Guterres has made clear that his most sensible priority is to reach an agreement with Russia on Ukrainian grain exports, to alleviate the shortage, and aides say now is not the time to threaten that agreement with an investigation whose end is predictable.
Iran appears to be sending drones to Russian forces on cargo planes, on routes that leave little opportunity to intercept them. This means seeking to attack them on the ground, which is not an easy task.
Until just over a month ago, according to U. S. government officials. In the U. S. and Britain, drones were largely founded in Crimea. They then disappeared for several days and reappeared in Russian-occupied spaces in Zaporizhzhia province. The moves were followed by the U. S. The U. S. and Ukraine are in the U. S. andofficers, some sitting side by side in Army intelligence centers. But drones are very mobile, with release systems fixed on trucks, and the Russians know they are being pursued, so they are moving them to safer places, making it difficult to track and hit them.
“The launch update is likely due to Russian concerns about Crimea’s vulnerability, while it is also convenient for resupply from the point of likely arrival of weapons to Russia, in Astrakhan,” a British military assessment said earlier this month.
It is transparent that army quotes can be a two-way street. Britain has accused Russia of making plans to give Iran complex pieces of the military in exchange for a pile of drones.
“Iran has one of the main sponsors of Russia’s military,” British Defense Minister Ben Wallace told parliament last week.
“In exchange for offering more than three hundred suicide drones, Russia now intends to supply Iran with complex military components, which compromises security in the Middle East and abroad; we will have to disclose this agreement,” Wallace said.
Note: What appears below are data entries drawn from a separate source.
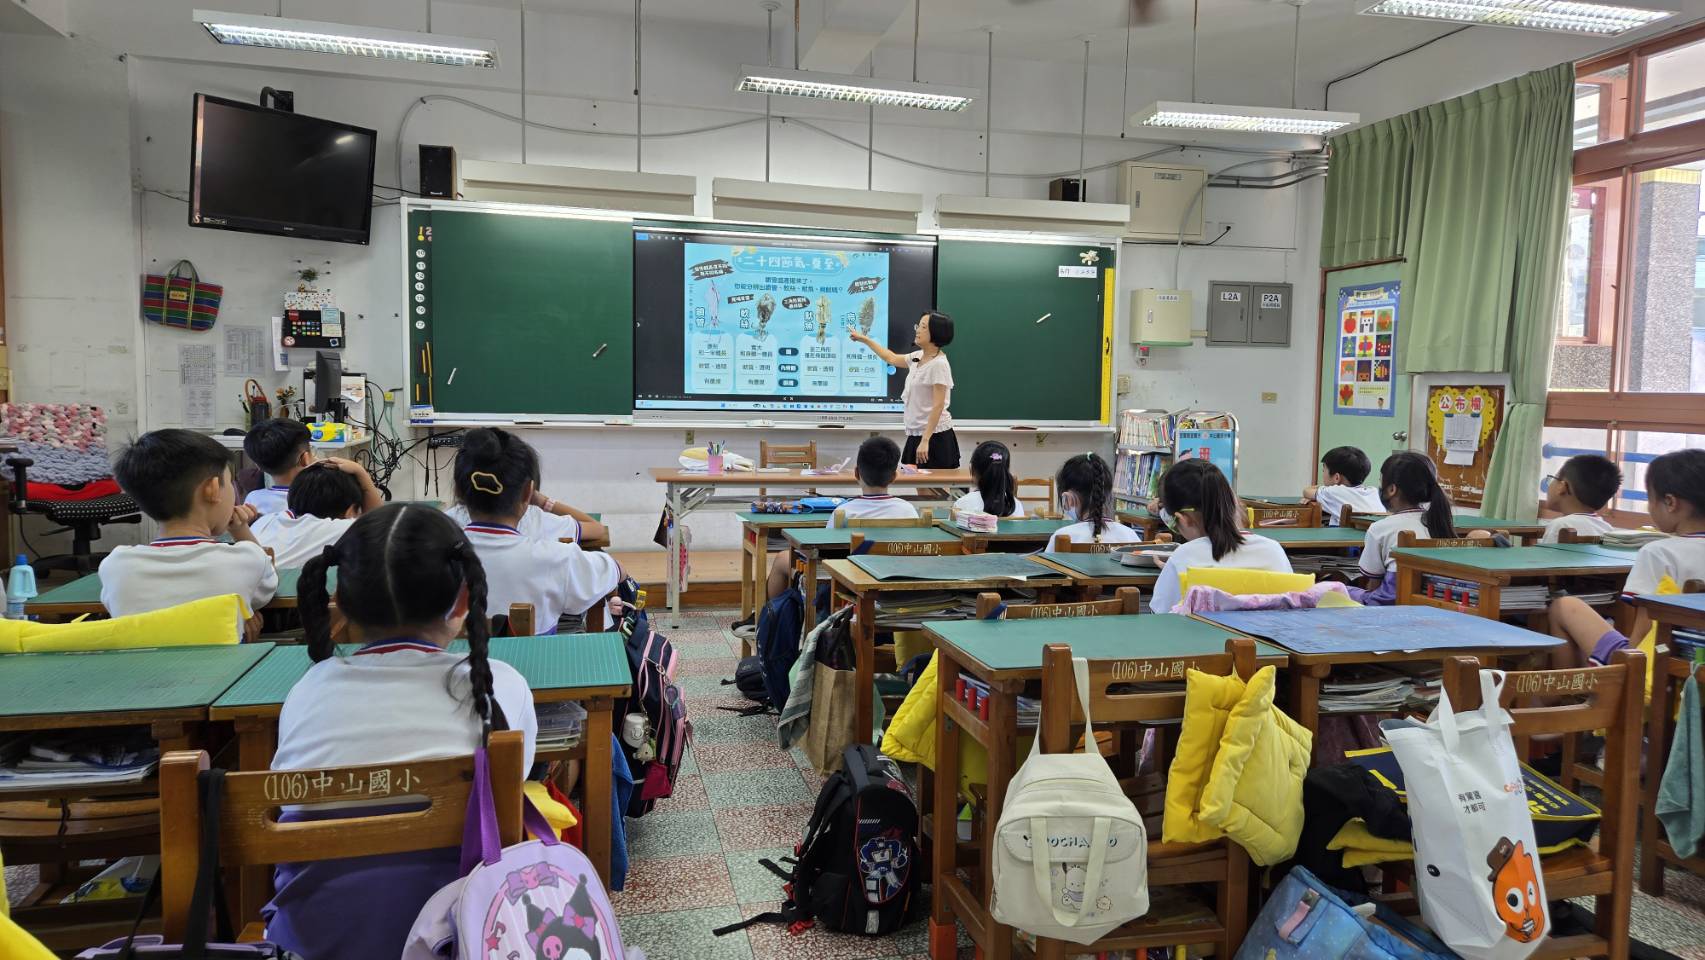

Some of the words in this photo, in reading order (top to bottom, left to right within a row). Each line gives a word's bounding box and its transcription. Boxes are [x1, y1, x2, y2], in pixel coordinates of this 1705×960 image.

[1222, 293, 1239, 301] L2A
[1263, 294, 1279, 302] P2A
[1440, 396, 1482, 410] 公布欄
[1031, 604, 1098, 618] (106)中山國小
[1516, 673, 1599, 693] (106)中山國小
[263, 768, 421, 801] (106)中山國小
Several U. S. corporations, in addition to Edgesource Corporation and BlueHalo, both founded in Virginia, have provided education or generation to stumble and defeat Russian drones, U. S. officials said.
Edgesource has donated about $2 million worth of systems, adding one called Windtalkers, for Ukraine to locate, identify and track incoming hostile drones more than 20 miles away, while at the same time identifying Ukraine’s own drones in the same airspace, said Joseph Urbaniak, the company’s director. Lead Operations Officer.
The United States has provided Ukraine with another generation to counter drones, most recently as part of a $275 million delivery of weapons and equipment announced by the Pentagon on Dec. 9. . .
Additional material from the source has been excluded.